(EXTRACTED ENTRIES Opens)
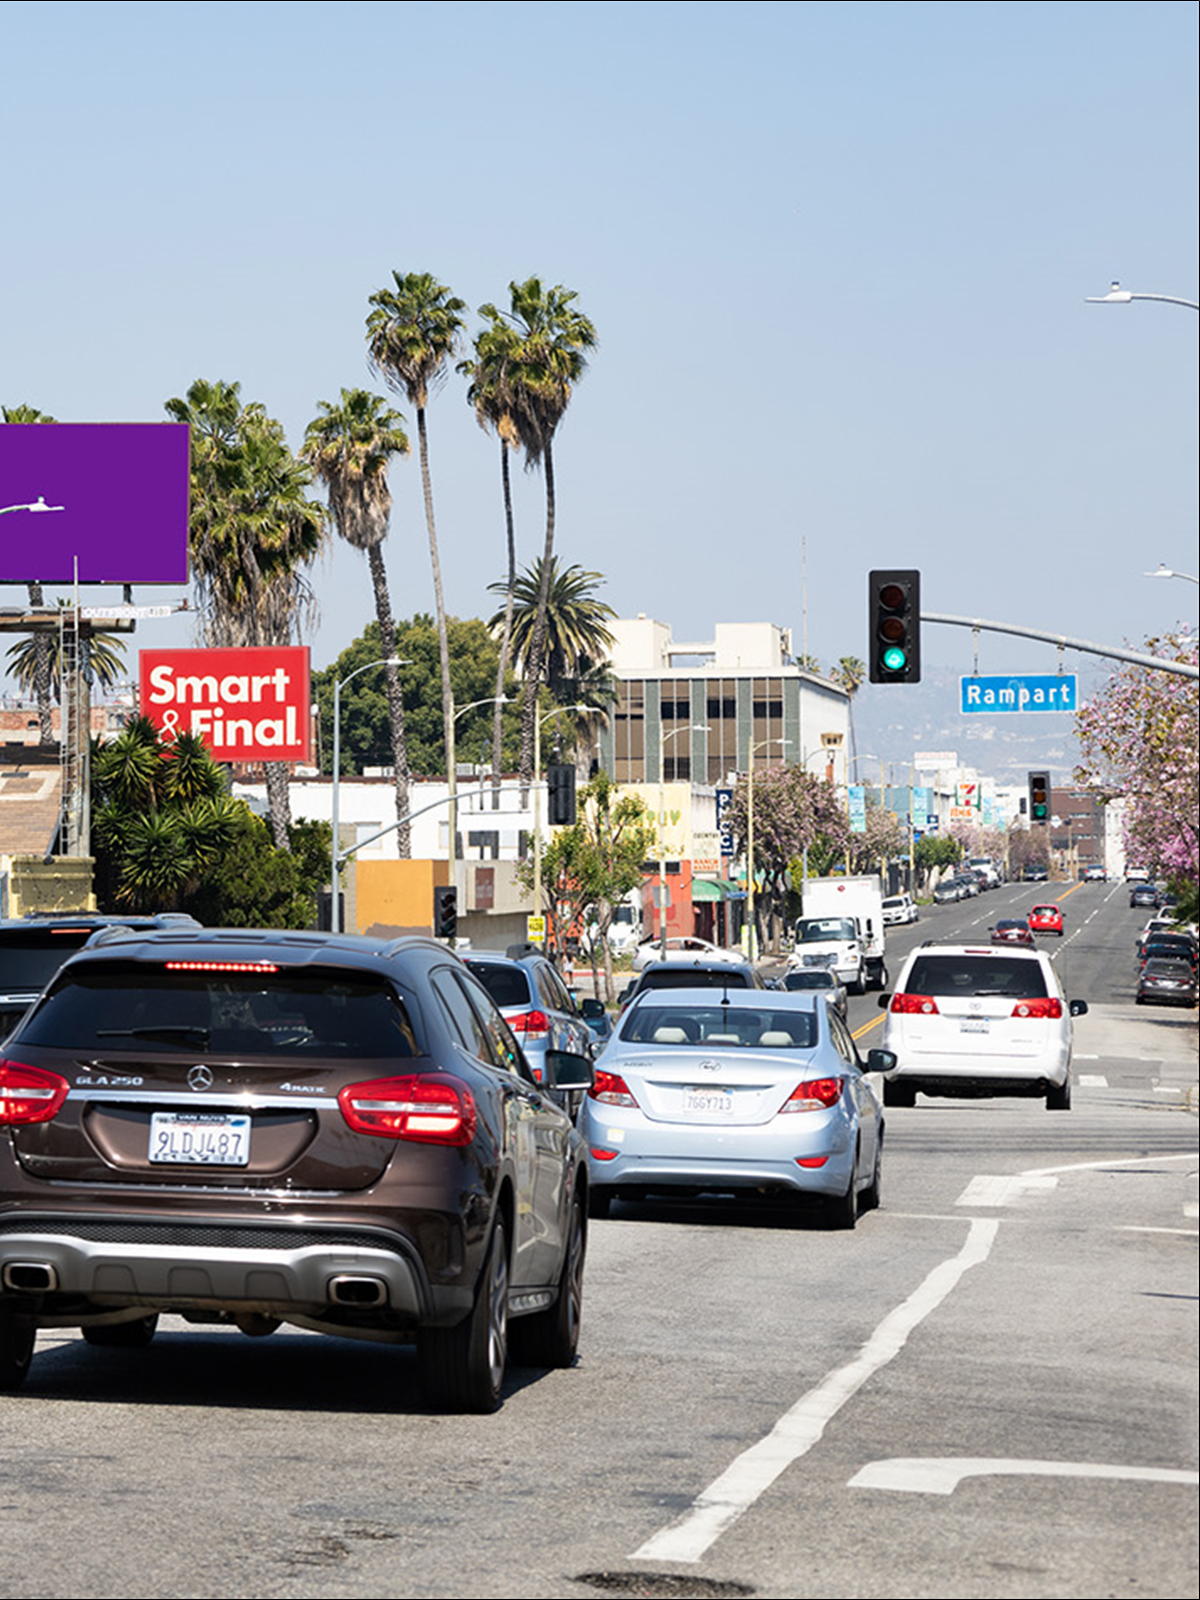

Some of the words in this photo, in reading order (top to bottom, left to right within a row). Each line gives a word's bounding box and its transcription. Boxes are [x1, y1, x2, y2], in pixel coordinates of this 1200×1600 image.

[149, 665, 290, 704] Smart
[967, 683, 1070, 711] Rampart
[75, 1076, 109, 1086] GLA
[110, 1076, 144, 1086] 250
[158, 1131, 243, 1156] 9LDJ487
(EXTRACTED ENTRIES Closes)
Quote the full listing above word for word; exclude every picture from the copy.

## WRITTEN RESPONSE
Some of the words in this photo, in reading order (top to bottom, left to right within a row). Each line gives a word's bounding box and its transcription. Boxes are [x1, y1, x2, y2], in pixel coordinates of this 1200×1600 image.

[149, 665, 290, 704] Smart
[967, 683, 1070, 711] Rampart
[75, 1076, 109, 1086] GLA
[110, 1076, 144, 1086] 250
[158, 1131, 243, 1156] 9LDJ487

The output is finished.